Dive Brief:
- Advocate Health’s financial performance dipped in the third quarter despite rising patient volumes as the major nonprofit health system navigated higher expenses and declining investment returns.
- The operator reported a nine-month operating income of $79.4 million, down from the $85.7 million Advocate recorded through the first half of the year.
- Advocate’s investment income also took a hit, falling more than a third from midyear. Overall, the nonprofit’s bottom line dropped to $721.2 million, 28% lower than midyear.
Dive Insight:
Advocate Health, one of the biggest nonprofits in the U.S., is in the back half of its first operating year as a combined system.
Formed out of a merger between Illinois-based Advocate Aurora Health and North Carolina-based Atrium Health last year, the health system is comprised of three divisions: Advocate Aurora Health, Atrium Health’s Charlotte-Mecklenburg Hospital Authority and Atrium Health Wake Forest Baptist. Together, the divisions operate more than a thousand care sites, including 67 hospitals.
Each division reported year-over-year revenue increases due to patient demand for services. Across the board, the divisions experienced higher patient volumes — particularly for surgeries and outpatient visits — though patient days slipped slightly for the system overall.
In the first nine months of 2023 compared with the same period in 2022, Advocate Aurora Health experienced a 5.3% increase in outpatient visits and a 5.6% increase in physician visits. Patient visits increased by 9.1% and surgical procedures increased by 9.2% at the Charlotte-Mecklenburg Hospital Authority. Inpatient admissions and outpatient visits also increased by 9.5% and 7.6%, respectively, at Wake Forest Baptist.
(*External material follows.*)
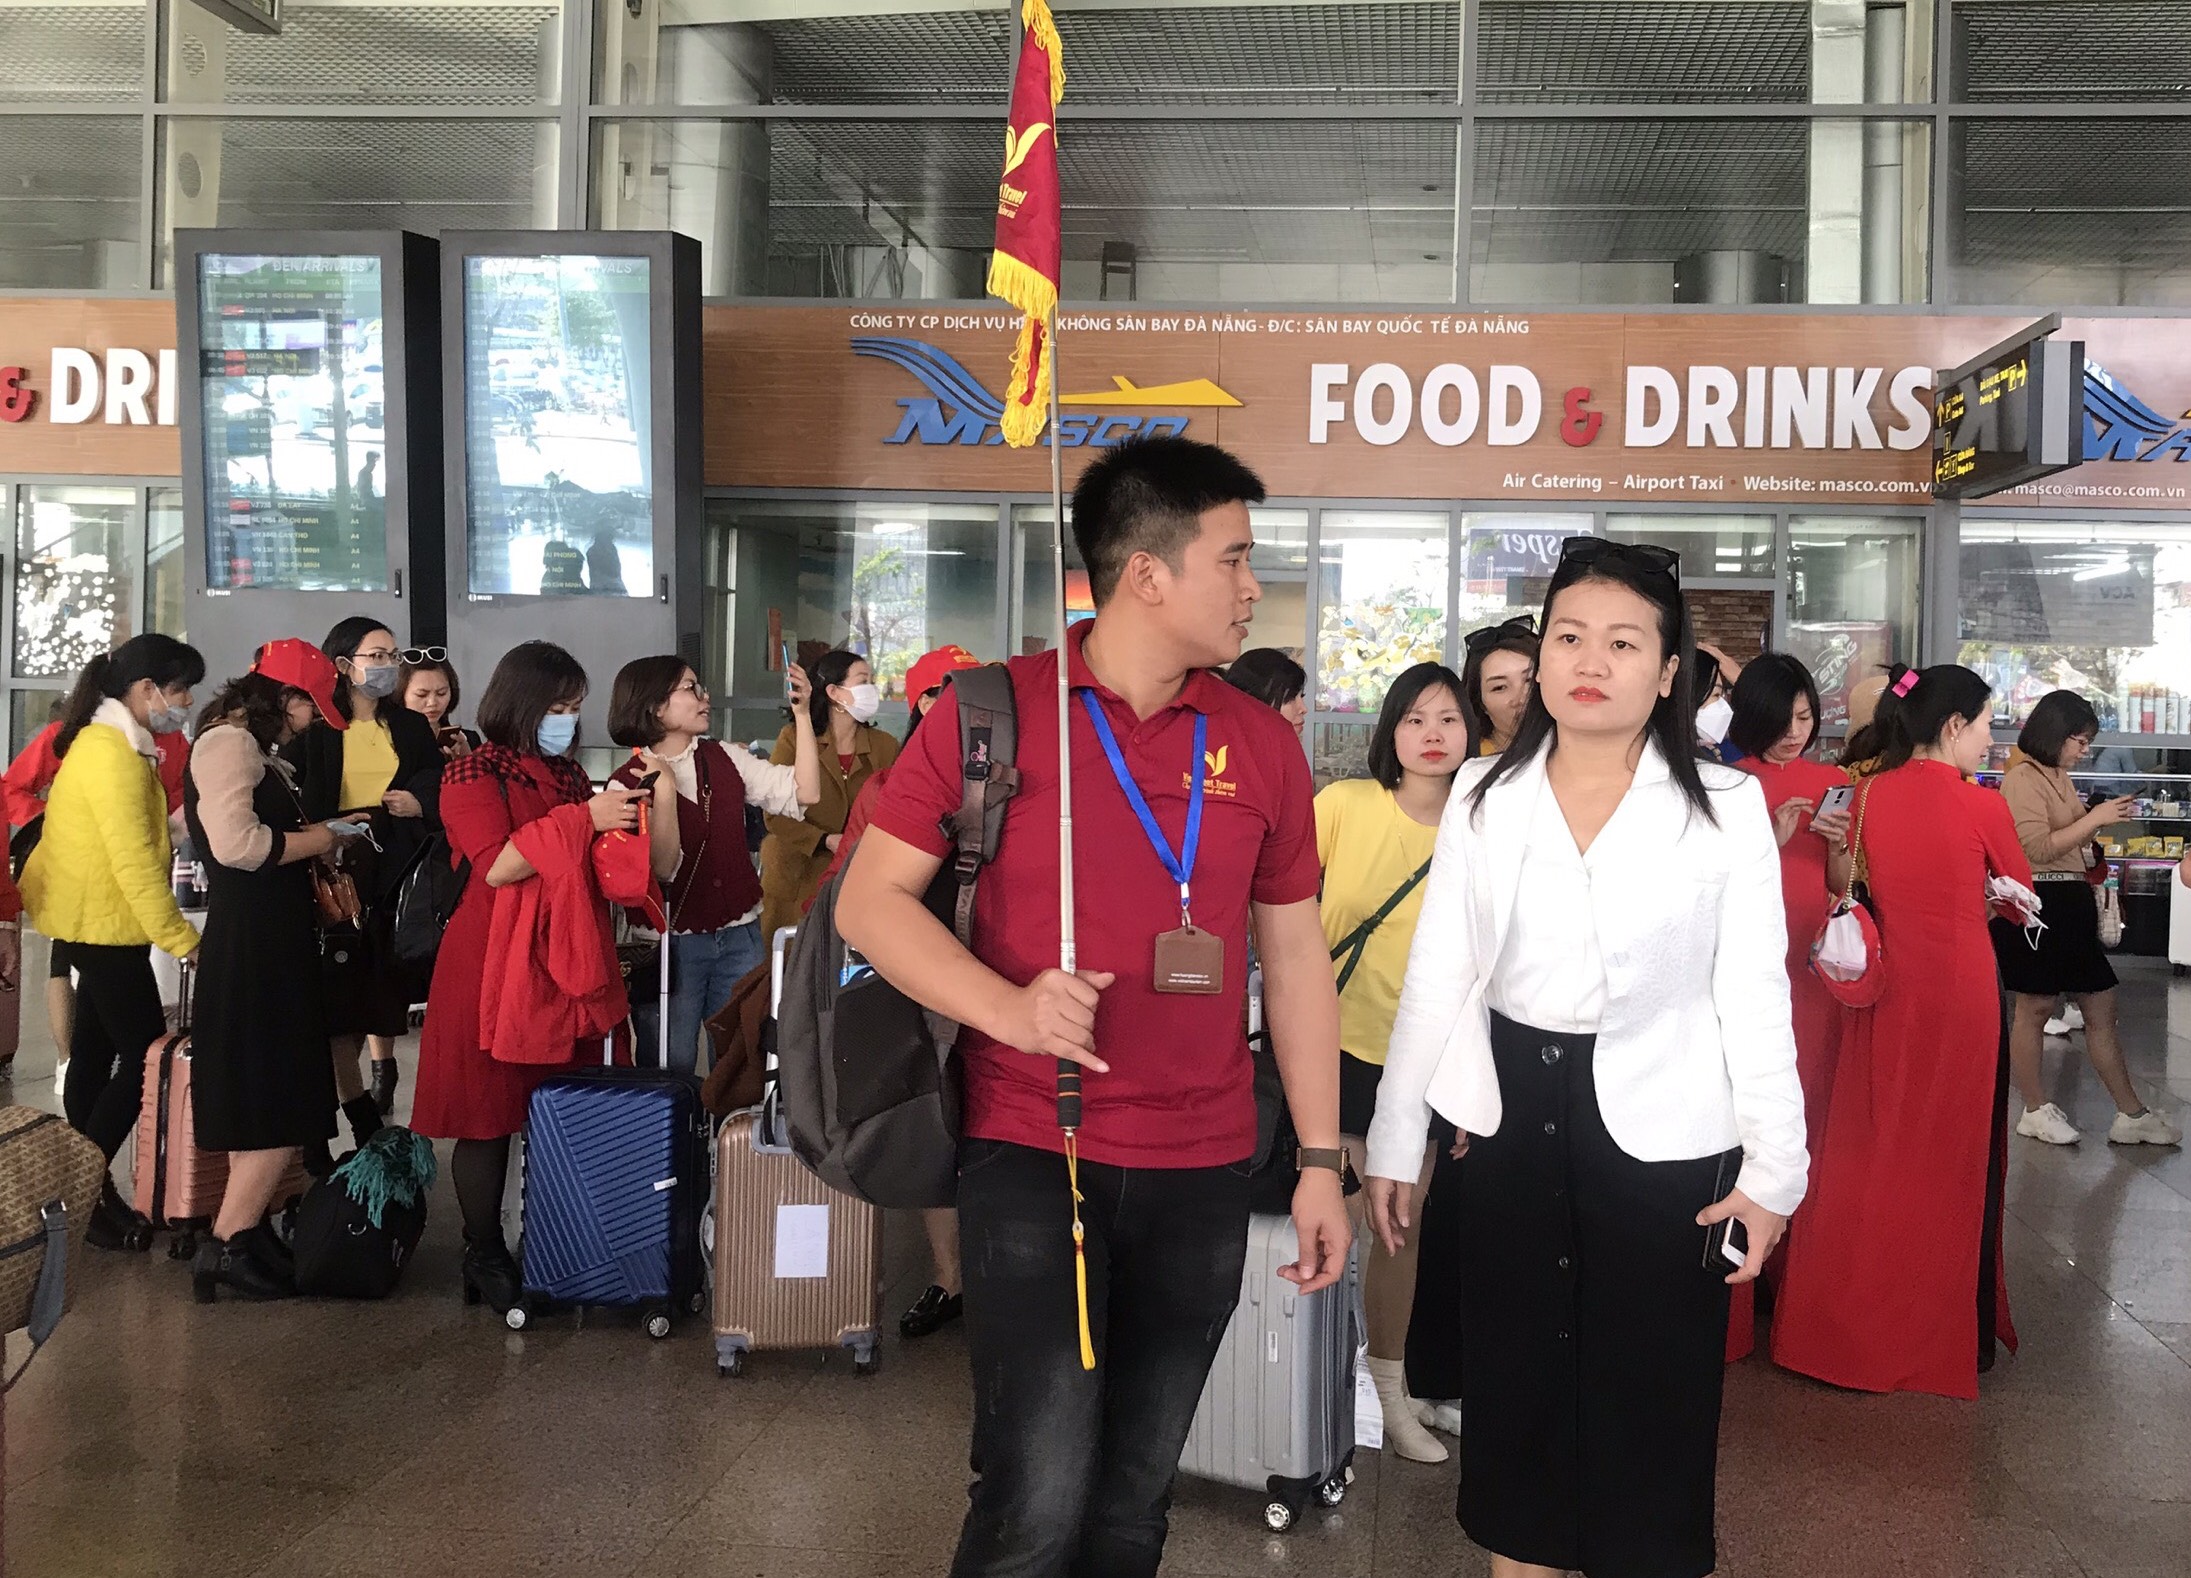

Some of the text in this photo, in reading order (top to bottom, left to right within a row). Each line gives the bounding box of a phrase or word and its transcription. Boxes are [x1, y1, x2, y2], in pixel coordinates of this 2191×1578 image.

Each division also reported pressure from rising costs. In the past nine months, Advocate spent $13.3 billion on salaries, wages and benefits, accounting for 58% of total expenses. Supplies and drug costs followed as the next largest expenditure over the first nine months of the year, totaling $4.7 billion.
Overall, Advocate’s total revenue slightly squeaked past expenses at $22.8 billion year to date.
Other nonprofit providers are also reporting continued operational difficulties amid labor shortages and macroeconomic pressures.
Earlier this month, CommonSpirit Health reported a negative operating margin to open its 2024 fiscal year on inflationary challenges, including rising provider costs. Last week, Salt Lake City-based Intermountain Health reported a non-operating income that was 60% lower than the same period last year.